### TASK
Starting at the line that holds "Some of the text", quote every line through the end of the records, both boundary lines included. Omit the pictures.
◆ ◆ ◆ ◆
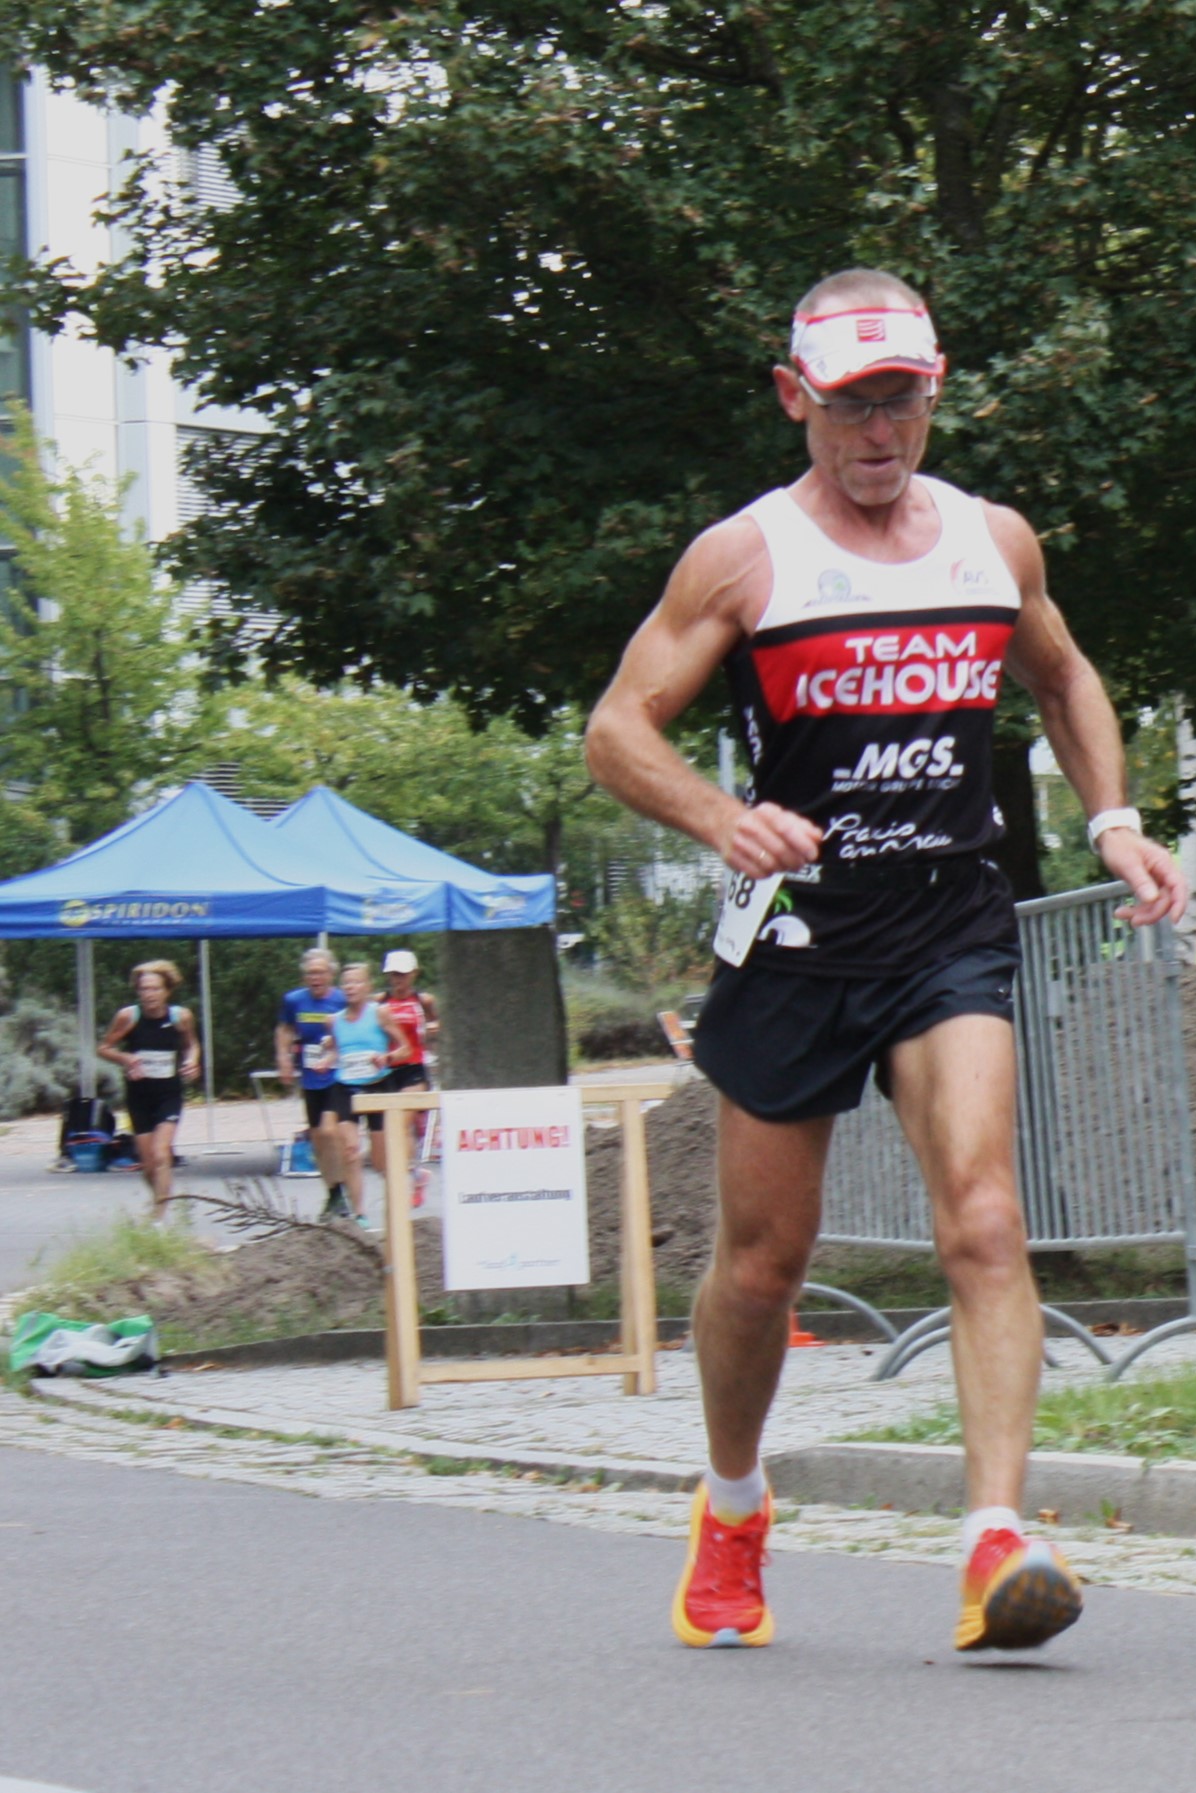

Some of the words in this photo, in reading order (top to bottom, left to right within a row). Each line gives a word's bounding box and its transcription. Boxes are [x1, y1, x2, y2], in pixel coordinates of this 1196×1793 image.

[844, 630, 978, 665] TEAM
[795, 659, 1002, 710] ICEHOUSE
[89, 902, 209, 921] SPIRIDON
[457, 1125, 571, 1153] ACHTUNG!
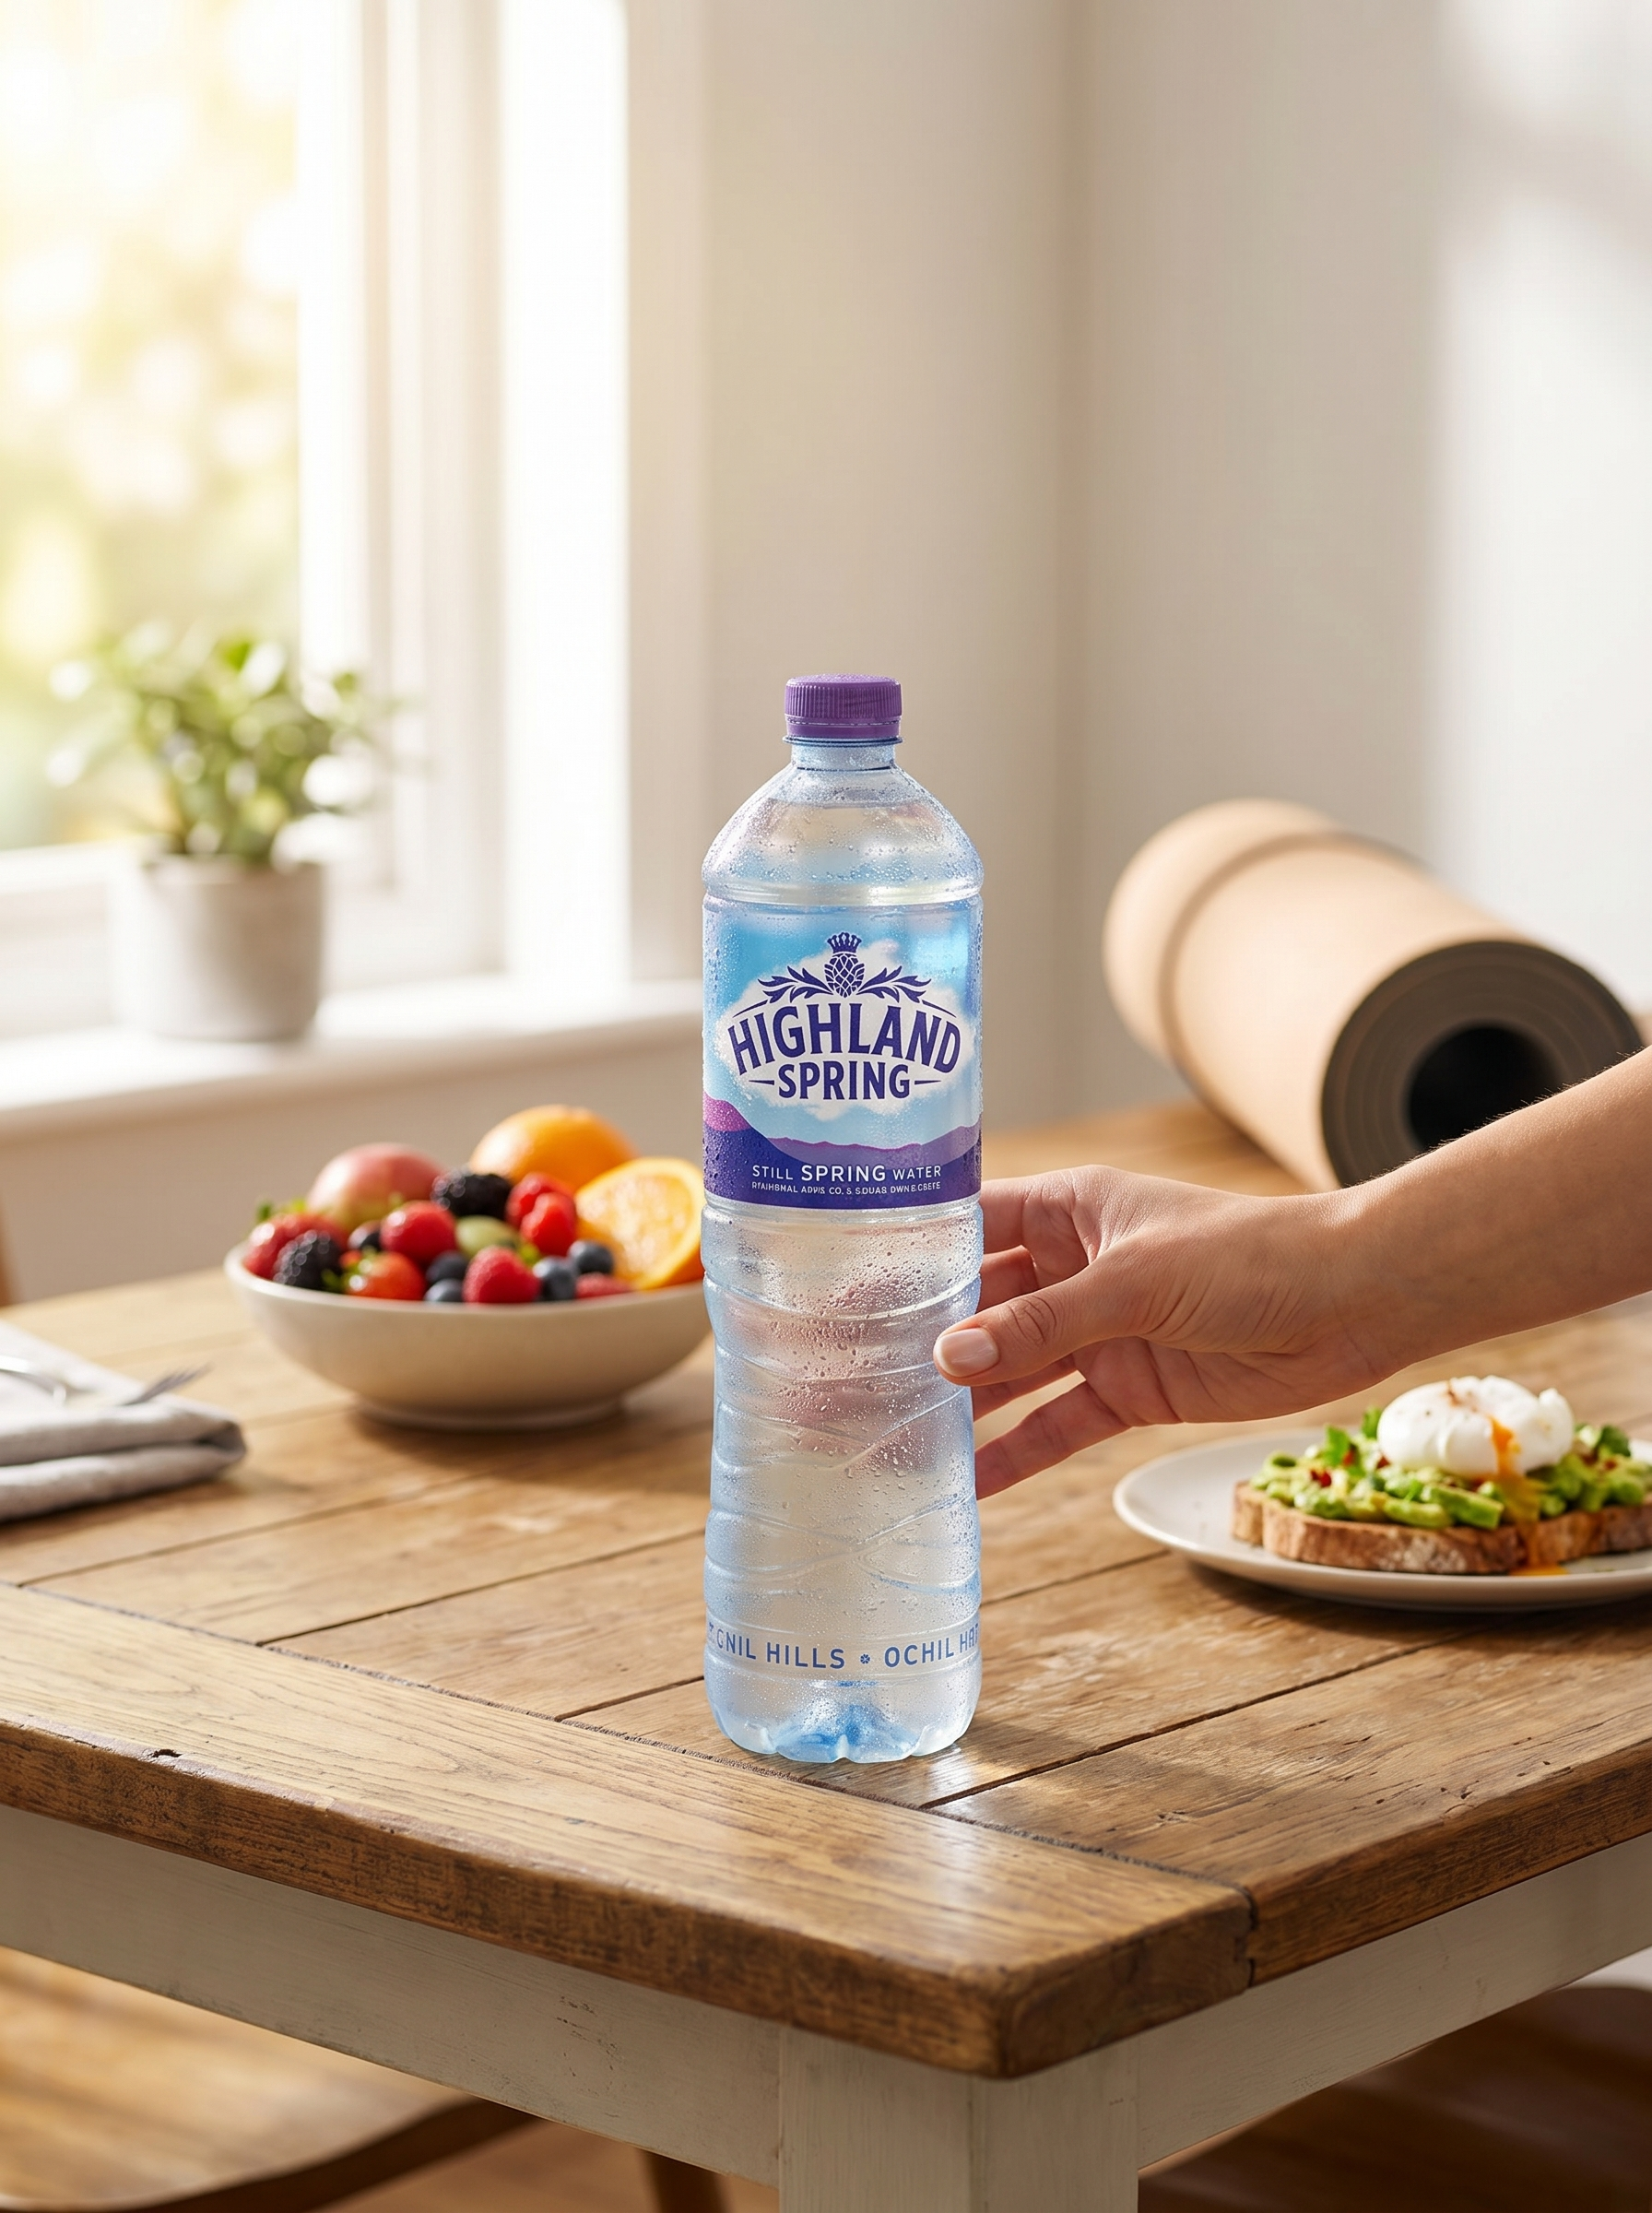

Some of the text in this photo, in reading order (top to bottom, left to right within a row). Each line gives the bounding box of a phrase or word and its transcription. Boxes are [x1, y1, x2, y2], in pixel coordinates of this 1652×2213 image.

[727, 1002, 961, 1076] HIGHLAND
[778, 1060, 910, 1100] SPRING
[752, 1165, 941, 1182] STILL SPRING WATER
[767, 1641, 845, 1669] HILLS
[884, 1638, 954, 1668] OCHIL
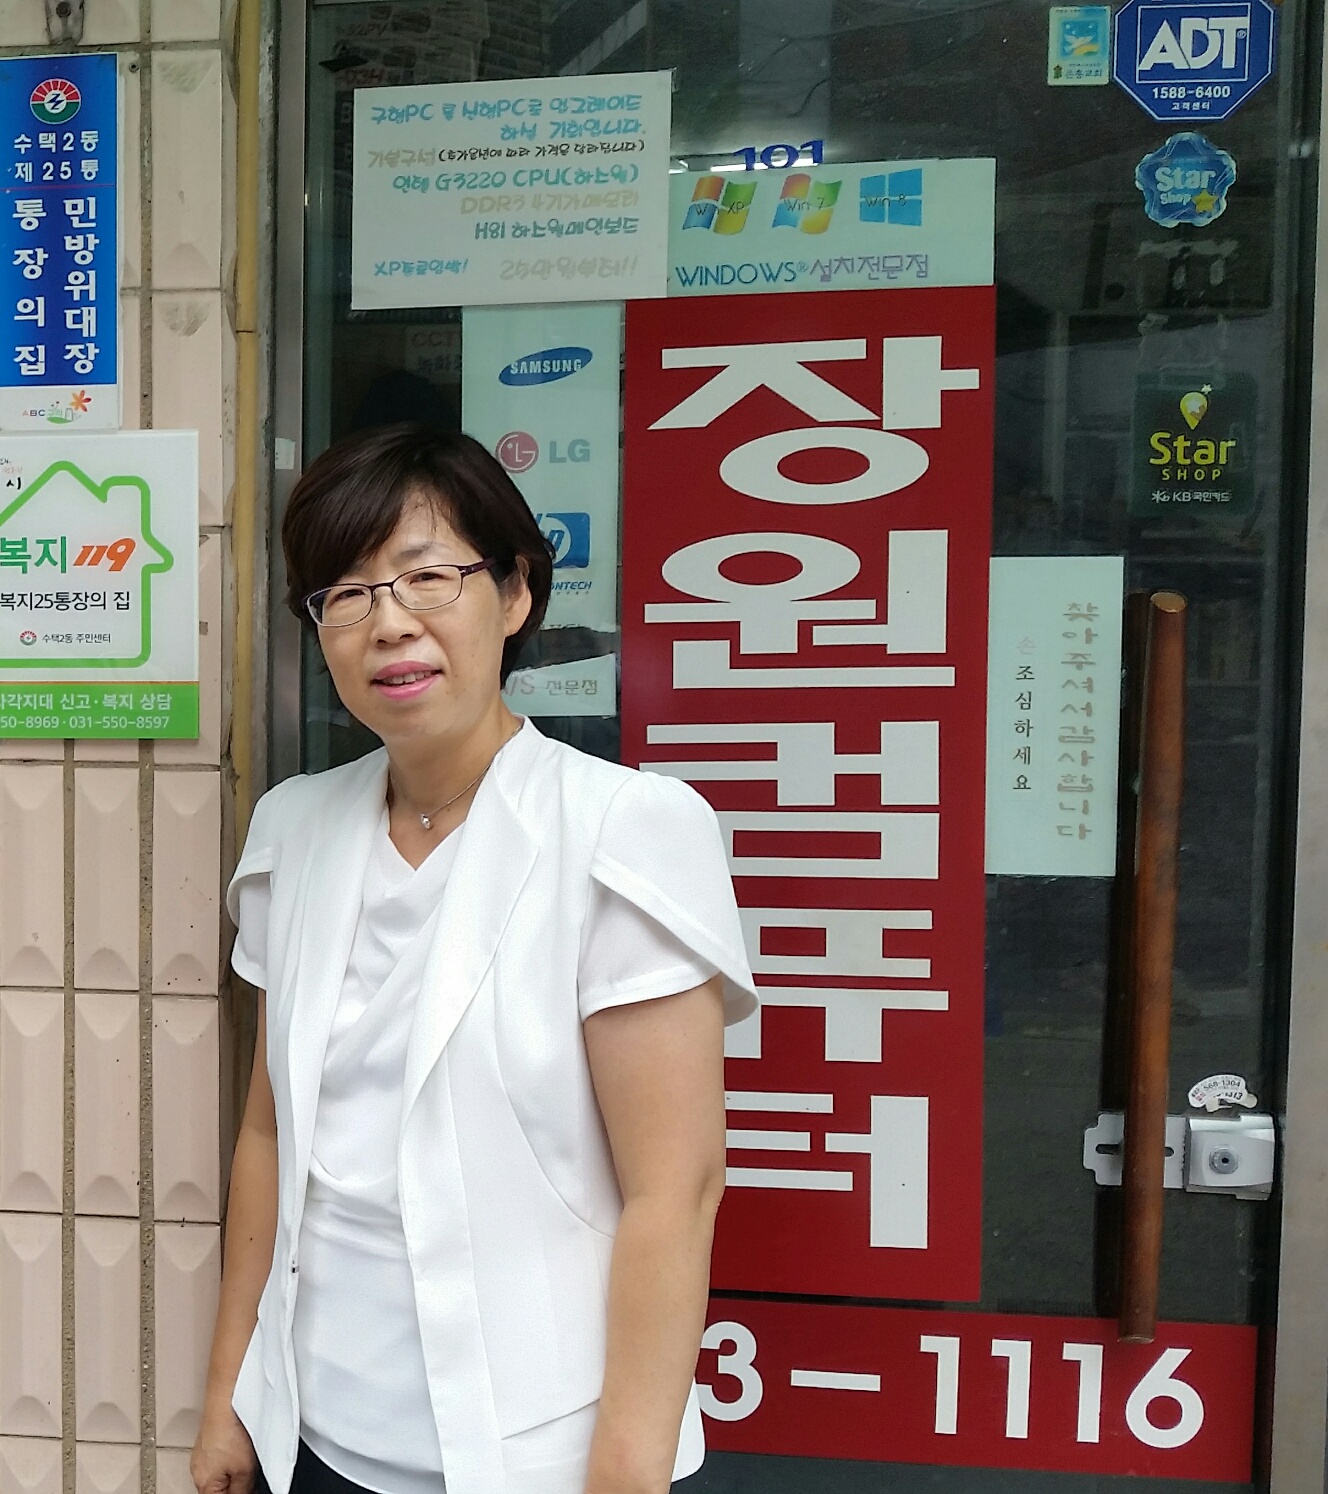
◆ ◆ ◆ ◆
### RESULT OF THE EXERCISE
Some of the text in this photo, in reading order (top to bottom, left to right within a row). Each line gives the bounding box of a phrase or word and its transcription. Boxes are [x1, y1, x2, y2], in pixel coordinates of this 1652×2213 image.

[727, 1002, 961, 1076] HIGHLAND
[778, 1060, 910, 1100] SPRING
[752, 1165, 941, 1182] STILL SPRING WATER
[767, 1641, 845, 1669] HILLS
[884, 1638, 954, 1668] OCHIL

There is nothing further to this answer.